ASSIGNED TASK -
Your task is to copy the records that follow exactly, minus any images.

*** Opening of INFORMATION SUPPLIED ***

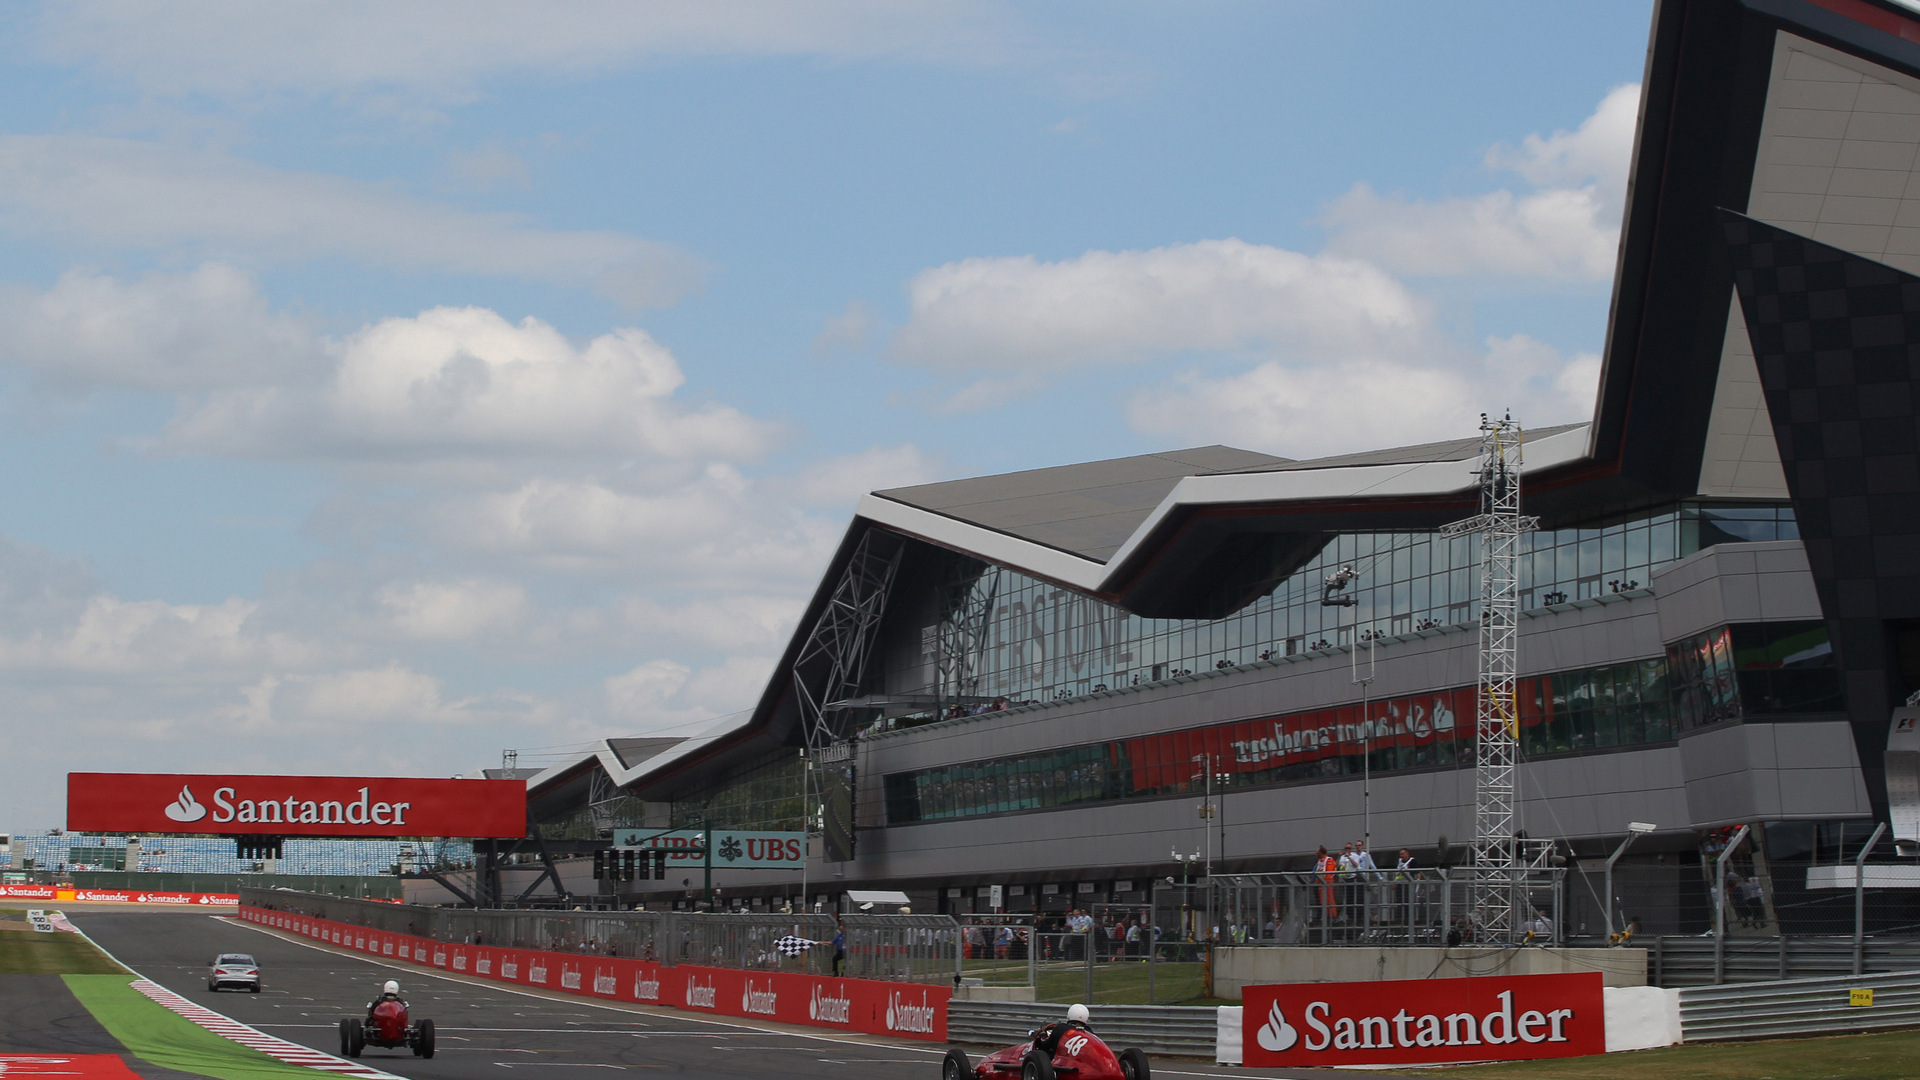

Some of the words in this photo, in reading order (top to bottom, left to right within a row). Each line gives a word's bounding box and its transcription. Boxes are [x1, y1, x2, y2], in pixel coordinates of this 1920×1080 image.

[212, 786, 411, 826] Santander
[746, 838, 801, 861] UBS
[7, 886, 53, 897] Santander
[86, 892, 130, 902] Santander
[147, 894, 191, 904] Santander
[691, 974, 716, 1008] Santander
[749, 978, 777, 1015] Santander
[817, 983, 850, 1024] Santander
[895, 989, 935, 1034] Santander
[1305, 990, 1572, 1051] Santander
[1064, 1035, 1088, 1057] 48
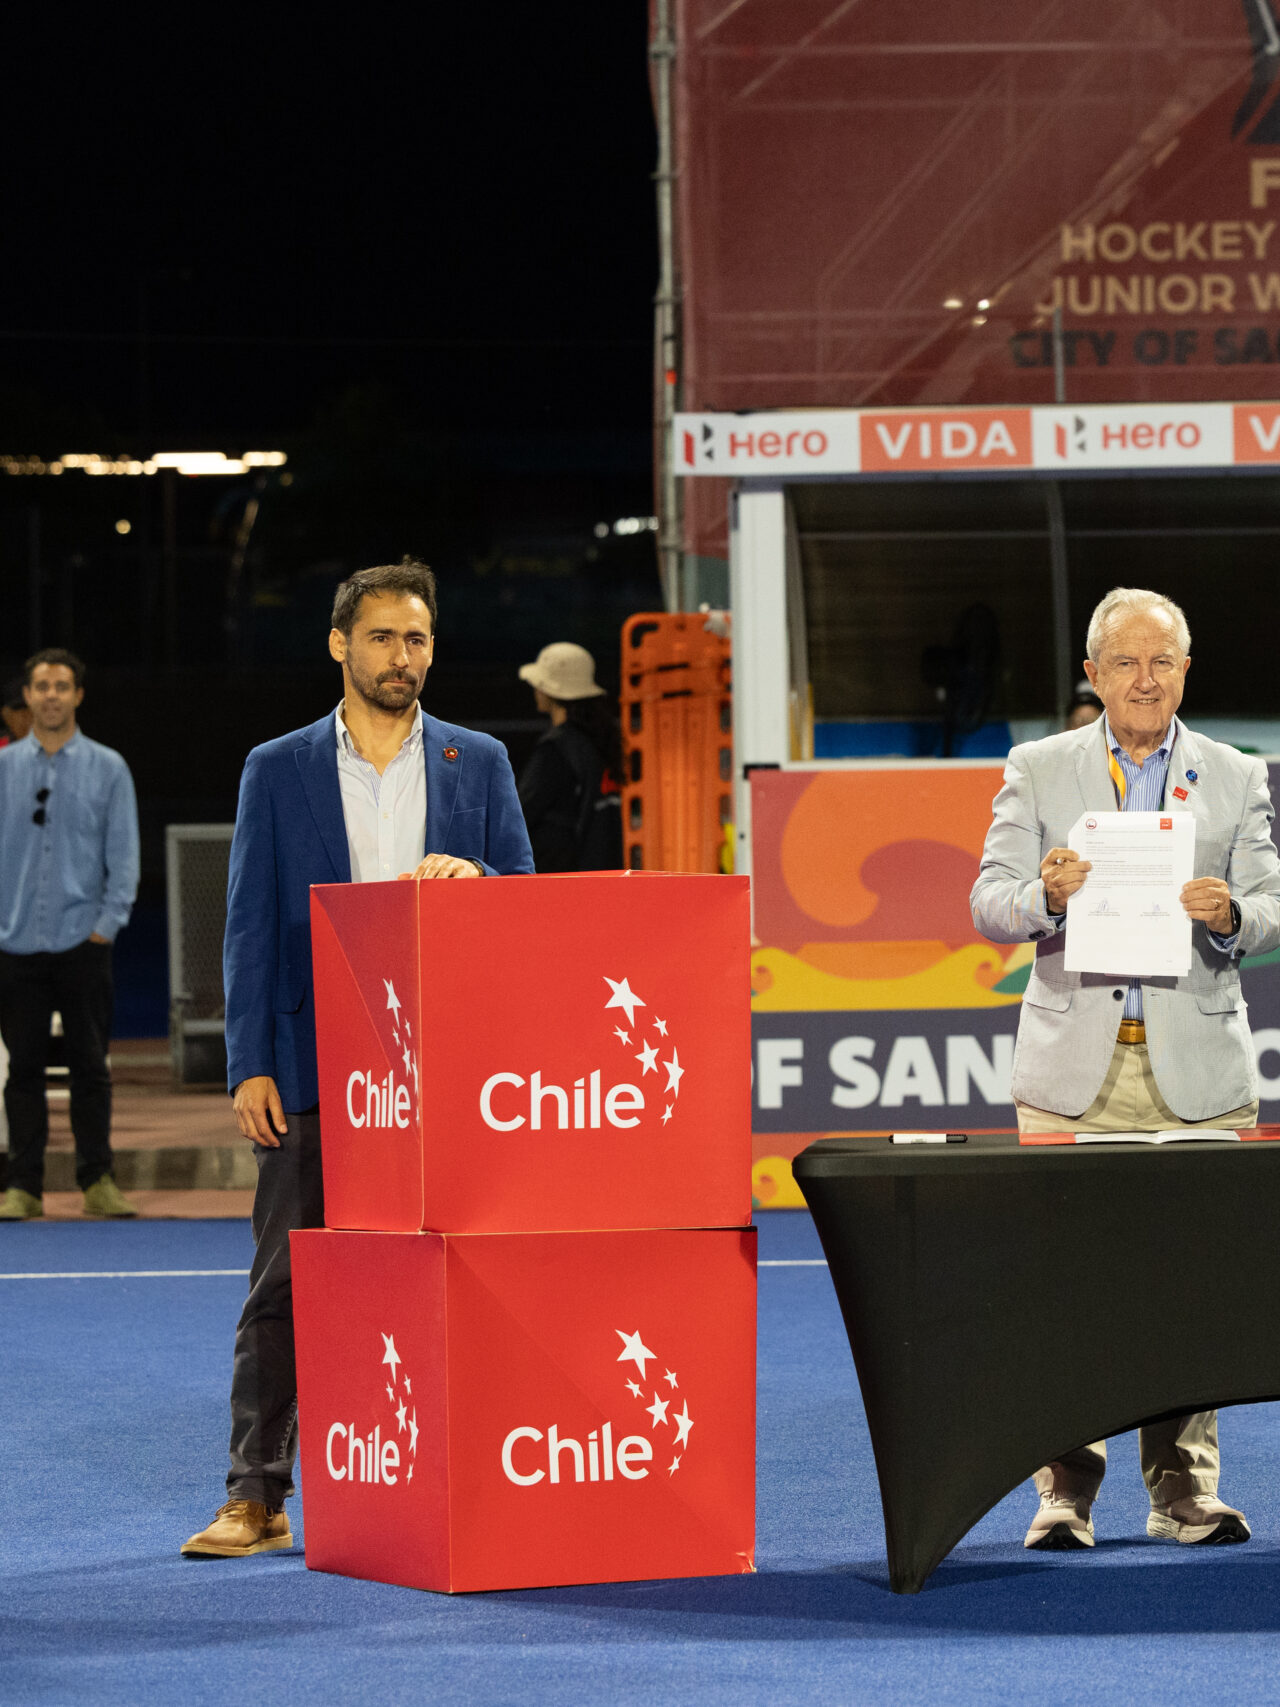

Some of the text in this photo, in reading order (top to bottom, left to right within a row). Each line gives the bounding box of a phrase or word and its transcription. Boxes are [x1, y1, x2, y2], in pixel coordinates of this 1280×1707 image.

*** Close of INFORMATION SUPPLIED ***

RESPONSE BOX -
Some of the words in this photo, in reading order (top to bottom, left to right within a row). Each line gives a word's bounding box and its transcription. Boxes are [x1, y1, x2, y2], in pixel coordinates of this 1920×1080 image.

[212, 786, 411, 826] Santander
[746, 838, 801, 861] UBS
[7, 886, 53, 897] Santander
[86, 892, 130, 902] Santander
[147, 894, 191, 904] Santander
[691, 974, 716, 1008] Santander
[749, 978, 777, 1015] Santander
[817, 983, 850, 1024] Santander
[895, 989, 935, 1034] Santander
[1305, 990, 1572, 1051] Santander
[1064, 1035, 1088, 1057] 48

Some of the text in this photo, in reading order (top to bottom, left to right within a row). Each line gives the bounding box of a phrase or word and its transcription. Boxes are [x1, y1, x2, y2], in pixel coordinates of this 1280×1707 image.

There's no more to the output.